• _Problem details_:
Copy the records exactly. Include every line.

Spatial localization data
***

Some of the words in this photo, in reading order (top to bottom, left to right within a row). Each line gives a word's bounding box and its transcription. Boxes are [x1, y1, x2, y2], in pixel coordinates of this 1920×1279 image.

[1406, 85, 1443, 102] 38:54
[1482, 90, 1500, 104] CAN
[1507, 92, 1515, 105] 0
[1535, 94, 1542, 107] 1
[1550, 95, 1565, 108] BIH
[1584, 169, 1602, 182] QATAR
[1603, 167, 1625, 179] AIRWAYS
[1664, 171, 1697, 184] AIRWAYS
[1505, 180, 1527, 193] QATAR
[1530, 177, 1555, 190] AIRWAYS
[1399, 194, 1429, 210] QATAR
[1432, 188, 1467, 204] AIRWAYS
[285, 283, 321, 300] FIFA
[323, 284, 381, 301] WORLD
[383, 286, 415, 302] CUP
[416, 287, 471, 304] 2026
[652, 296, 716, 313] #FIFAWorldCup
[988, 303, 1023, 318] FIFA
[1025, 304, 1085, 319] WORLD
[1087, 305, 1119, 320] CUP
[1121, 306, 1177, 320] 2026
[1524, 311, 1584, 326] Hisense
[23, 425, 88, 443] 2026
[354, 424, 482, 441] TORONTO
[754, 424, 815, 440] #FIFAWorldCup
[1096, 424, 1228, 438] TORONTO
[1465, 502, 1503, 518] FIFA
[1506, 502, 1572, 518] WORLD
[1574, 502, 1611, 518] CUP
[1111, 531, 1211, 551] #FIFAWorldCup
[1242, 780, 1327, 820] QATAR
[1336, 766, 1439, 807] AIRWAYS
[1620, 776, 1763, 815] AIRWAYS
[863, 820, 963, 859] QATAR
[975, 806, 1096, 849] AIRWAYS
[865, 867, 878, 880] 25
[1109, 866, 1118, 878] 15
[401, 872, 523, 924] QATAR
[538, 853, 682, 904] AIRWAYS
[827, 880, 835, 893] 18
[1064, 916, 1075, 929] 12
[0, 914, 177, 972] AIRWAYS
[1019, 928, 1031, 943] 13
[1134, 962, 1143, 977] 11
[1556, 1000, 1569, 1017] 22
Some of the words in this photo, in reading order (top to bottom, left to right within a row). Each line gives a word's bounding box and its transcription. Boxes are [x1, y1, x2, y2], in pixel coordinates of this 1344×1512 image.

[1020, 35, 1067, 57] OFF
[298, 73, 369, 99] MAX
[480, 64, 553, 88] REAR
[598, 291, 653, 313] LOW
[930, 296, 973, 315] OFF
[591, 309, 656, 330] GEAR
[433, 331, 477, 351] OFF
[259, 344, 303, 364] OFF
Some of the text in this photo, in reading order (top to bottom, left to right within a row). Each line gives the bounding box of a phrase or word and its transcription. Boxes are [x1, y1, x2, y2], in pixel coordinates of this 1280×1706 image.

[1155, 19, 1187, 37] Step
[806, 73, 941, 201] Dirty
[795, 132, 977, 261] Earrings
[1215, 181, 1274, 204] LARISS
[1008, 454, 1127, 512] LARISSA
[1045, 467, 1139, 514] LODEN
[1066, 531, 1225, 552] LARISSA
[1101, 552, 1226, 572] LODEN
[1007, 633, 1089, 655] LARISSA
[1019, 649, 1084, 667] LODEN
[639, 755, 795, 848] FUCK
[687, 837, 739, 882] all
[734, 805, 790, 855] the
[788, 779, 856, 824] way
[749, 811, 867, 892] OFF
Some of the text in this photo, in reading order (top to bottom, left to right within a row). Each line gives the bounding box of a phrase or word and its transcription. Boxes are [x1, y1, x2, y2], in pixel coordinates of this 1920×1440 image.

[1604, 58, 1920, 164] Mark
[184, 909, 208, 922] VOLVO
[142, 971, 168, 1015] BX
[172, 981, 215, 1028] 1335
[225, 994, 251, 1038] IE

***

• _Result for this task_:
Some of the words in this photo, in reading order (top to bottom, left to right within a row). Each line gives a word's bounding box and its transcription. Boxes are [x1, y1, x2, y2], in pixel coordinates of this 1920×1279 image.

[1406, 85, 1443, 102] 38:54
[1482, 90, 1500, 104] CAN
[1507, 92, 1515, 105] 0
[1535, 94, 1542, 107] 1
[1550, 95, 1565, 108] BIH
[1584, 169, 1602, 182] QATAR
[1603, 167, 1625, 179] AIRWAYS
[1664, 171, 1697, 184] AIRWAYS
[1505, 180, 1527, 193] QATAR
[1530, 177, 1555, 190] AIRWAYS
[1399, 194, 1429, 210] QATAR
[1432, 188, 1467, 204] AIRWAYS
[285, 283, 321, 300] FIFA
[323, 284, 381, 301] WORLD
[383, 286, 415, 302] CUP
[416, 287, 471, 304] 2026
[652, 296, 716, 313] #FIFAWorldCup
[988, 303, 1023, 318] FIFA
[1025, 304, 1085, 319] WORLD
[1087, 305, 1119, 320] CUP
[1121, 306, 1177, 320] 2026
[1524, 311, 1584, 326] Hisense
[23, 425, 88, 443] 2026
[354, 424, 482, 441] TORONTO
[754, 424, 815, 440] #FIFAWorldCup
[1096, 424, 1228, 438] TORONTO
[1465, 502, 1503, 518] FIFA
[1506, 502, 1572, 518] WORLD
[1574, 502, 1611, 518] CUP
[1111, 531, 1211, 551] #FIFAWorldCup
[1242, 780, 1327, 820] QATAR
[1336, 766, 1439, 807] AIRWAYS
[1620, 776, 1763, 815] AIRWAYS
[863, 820, 963, 859] QATAR
[975, 806, 1096, 849] AIRWAYS
[865, 867, 878, 880] 25
[1109, 866, 1118, 878] 15
[401, 872, 523, 924] QATAR
[538, 853, 682, 904] AIRWAYS
[827, 880, 835, 893] 18
[1064, 916, 1075, 929] 12
[0, 914, 177, 972] AIRWAYS
[1019, 928, 1031, 943] 13
[1134, 962, 1143, 977] 11
[1556, 1000, 1569, 1017] 22
Some of the words in this photo, in reading order (top to bottom, left to right within a row). Each line gives a word's bounding box and its transcription. Boxes are [x1, y1, x2, y2], in pixel coordinates of this 1344×1512 image.

[1020, 35, 1067, 57] OFF
[298, 73, 369, 99] MAX
[480, 64, 553, 88] REAR
[598, 291, 653, 313] LOW
[930, 296, 973, 315] OFF
[591, 309, 656, 330] GEAR
[433, 331, 477, 351] OFF
[259, 344, 303, 364] OFF
Some of the text in this photo, in reading order (top to bottom, left to right within a row). Each line gives the bounding box of a phrase or word and its transcription. Boxes are [x1, y1, x2, y2], in pixel coordinates of this 1280×1706 image.

[1155, 19, 1187, 37] Step
[806, 73, 941, 201] Dirty
[795, 132, 977, 261] Earrings
[1215, 181, 1274, 204] LARISS
[1008, 454, 1127, 512] LARISSA
[1045, 467, 1139, 514] LODEN
[1066, 531, 1225, 552] LARISSA
[1101, 552, 1226, 572] LODEN
[1007, 633, 1089, 655] LARISSA
[1019, 649, 1084, 667] LODEN
[639, 755, 795, 848] FUCK
[687, 837, 739, 882] all
[734, 805, 790, 855] the
[788, 779, 856, 824] way
[749, 811, 867, 892] OFF
Some of the text in this photo, in reading order (top to bottom, left to right within a row). Each line gives the bounding box of a phrase or word and its transcription. Boxes are [x1, y1, x2, y2], in pixel coordinates of this 1920×1440 image.

[1604, 58, 1920, 164] Mark
[184, 909, 208, 922] VOLVO
[142, 971, 168, 1015] BX
[172, 981, 215, 1028] 1335
[225, 994, 251, 1038] IE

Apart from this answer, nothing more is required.